What to work on.
Leaving out the pictures, please retype each record exactly.

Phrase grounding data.

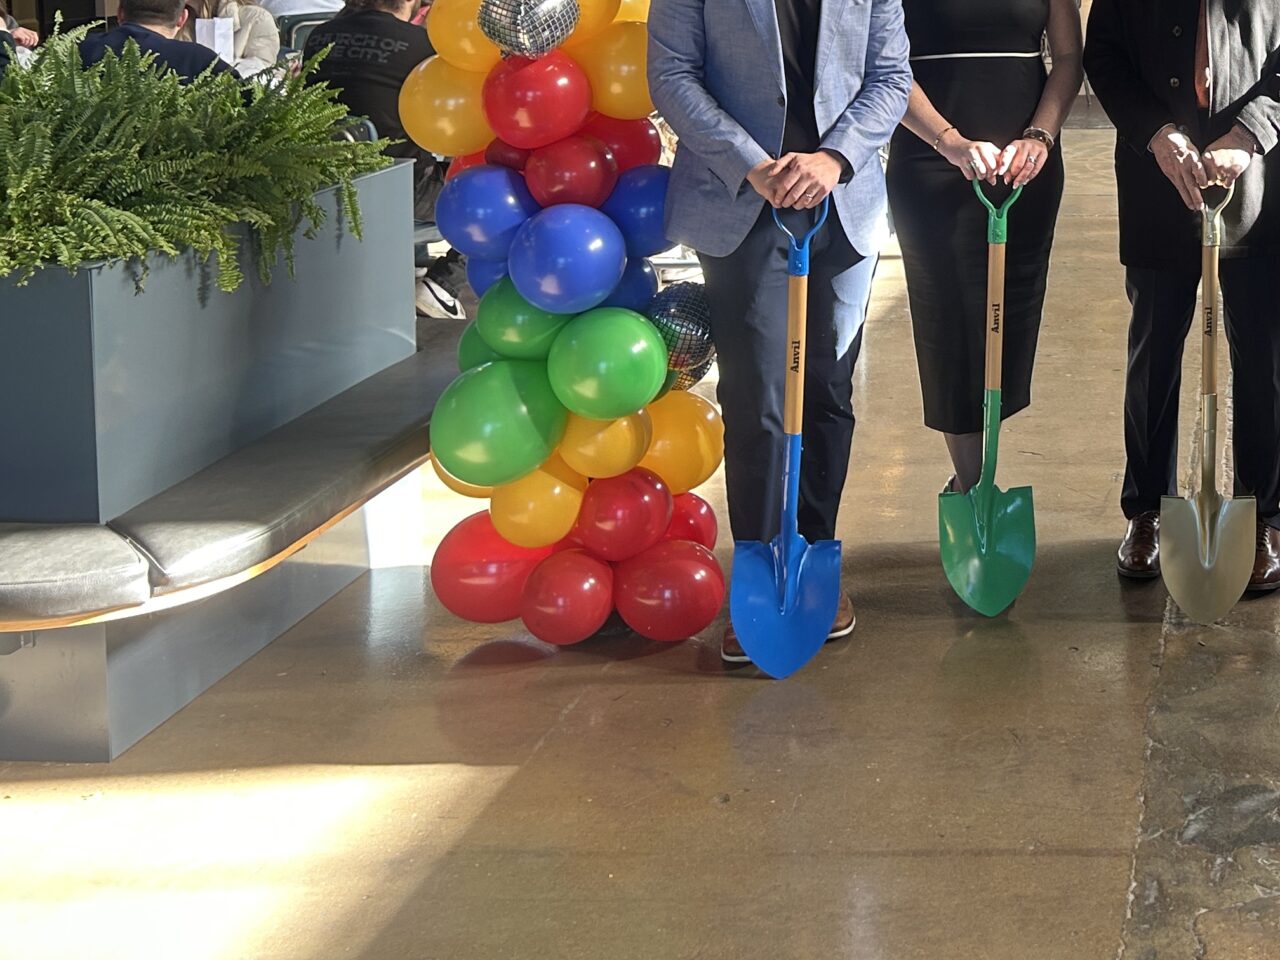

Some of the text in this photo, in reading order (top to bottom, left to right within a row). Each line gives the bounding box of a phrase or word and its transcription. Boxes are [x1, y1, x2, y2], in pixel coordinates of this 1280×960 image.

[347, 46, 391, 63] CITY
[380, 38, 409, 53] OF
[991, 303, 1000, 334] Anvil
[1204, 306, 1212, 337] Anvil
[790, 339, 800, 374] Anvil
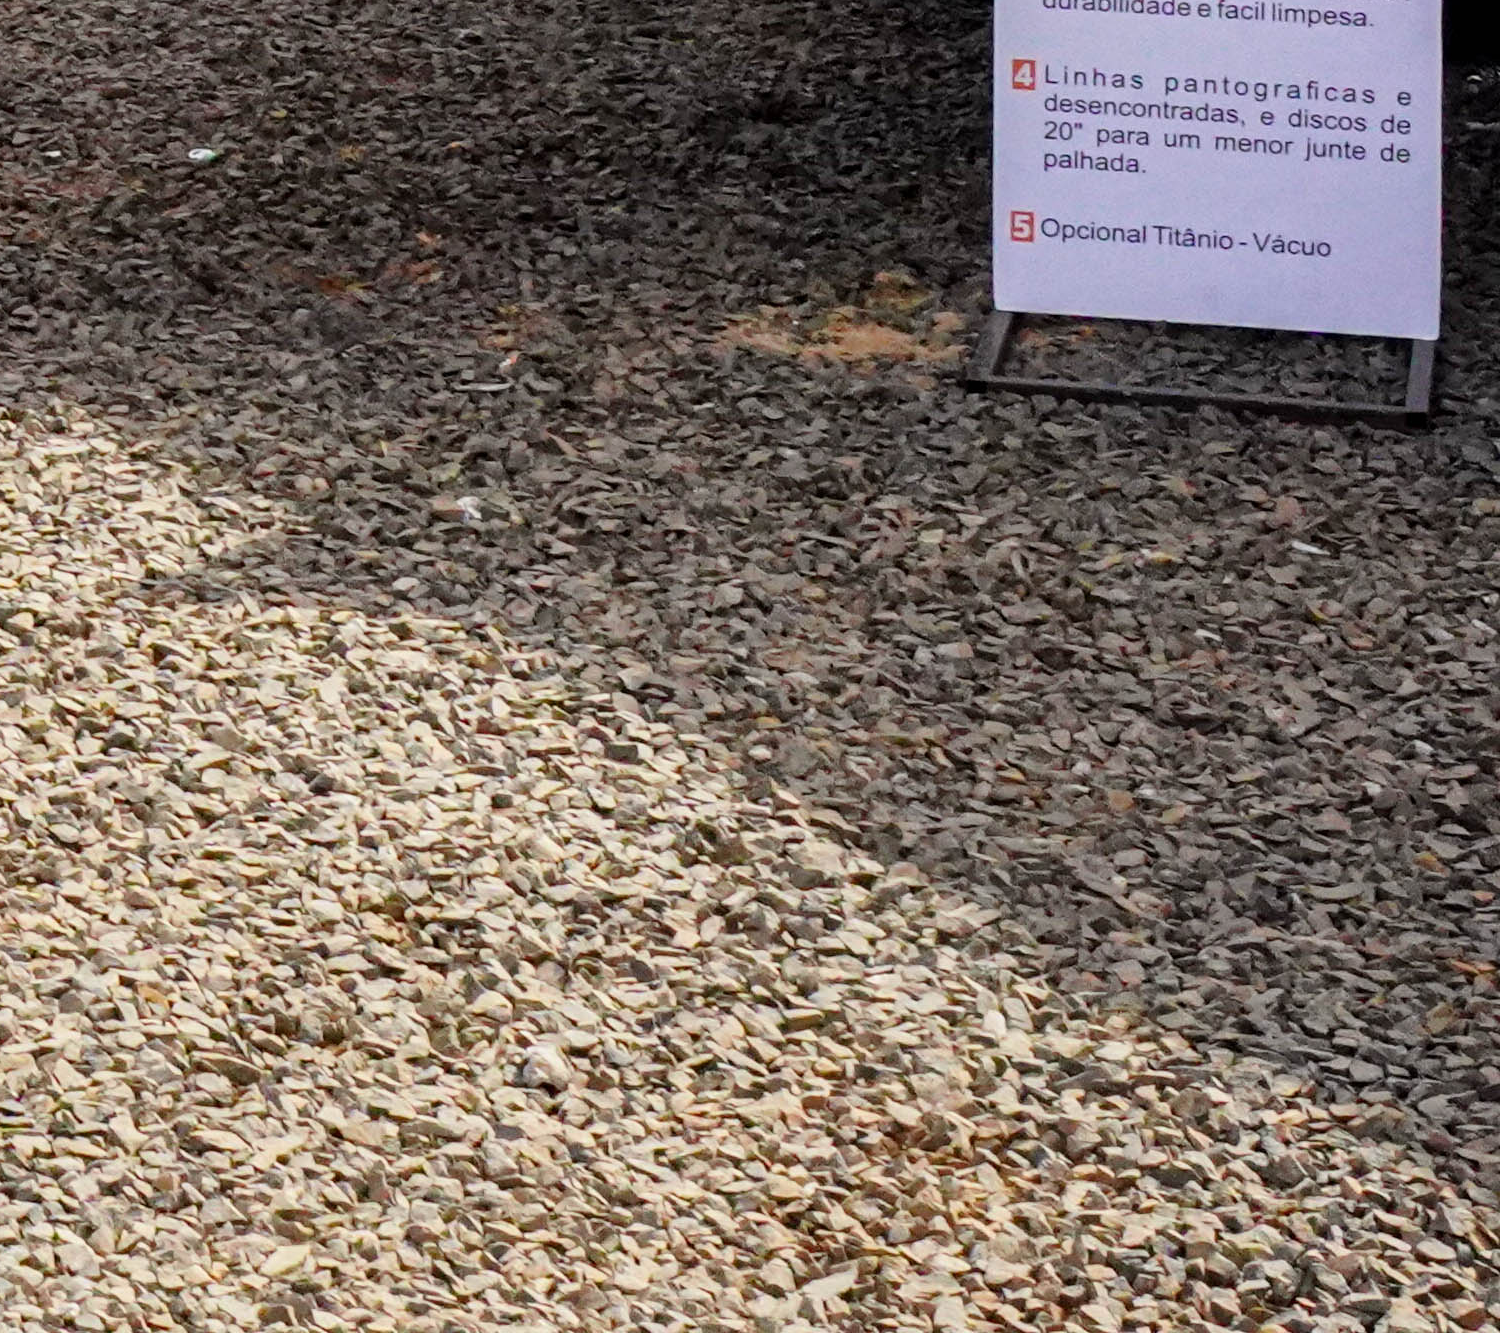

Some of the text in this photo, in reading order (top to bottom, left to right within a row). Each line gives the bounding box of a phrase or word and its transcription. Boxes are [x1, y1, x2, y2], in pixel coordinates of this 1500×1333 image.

Your solution.
Some of the text in this photo, in reading order (top to bottom, left to right within a row). Each line gives the bounding box of a phrase or word and its transcription. Boxes are [x1, y1, x2, y2], in pixel coordinates of this 1280×960 image.

[347, 46, 391, 63] CITY
[380, 38, 409, 53] OF
[991, 303, 1000, 334] Anvil
[1204, 306, 1212, 337] Anvil
[790, 339, 800, 374] Anvil

Some of the text in this photo, in reading order (top to bottom, left to right within a row). Each line gives the bounding box of a phrase or word and its transcription. Boxes are [x1, y1, x2, y2], in pixel coordinates of this 1500×1333 image.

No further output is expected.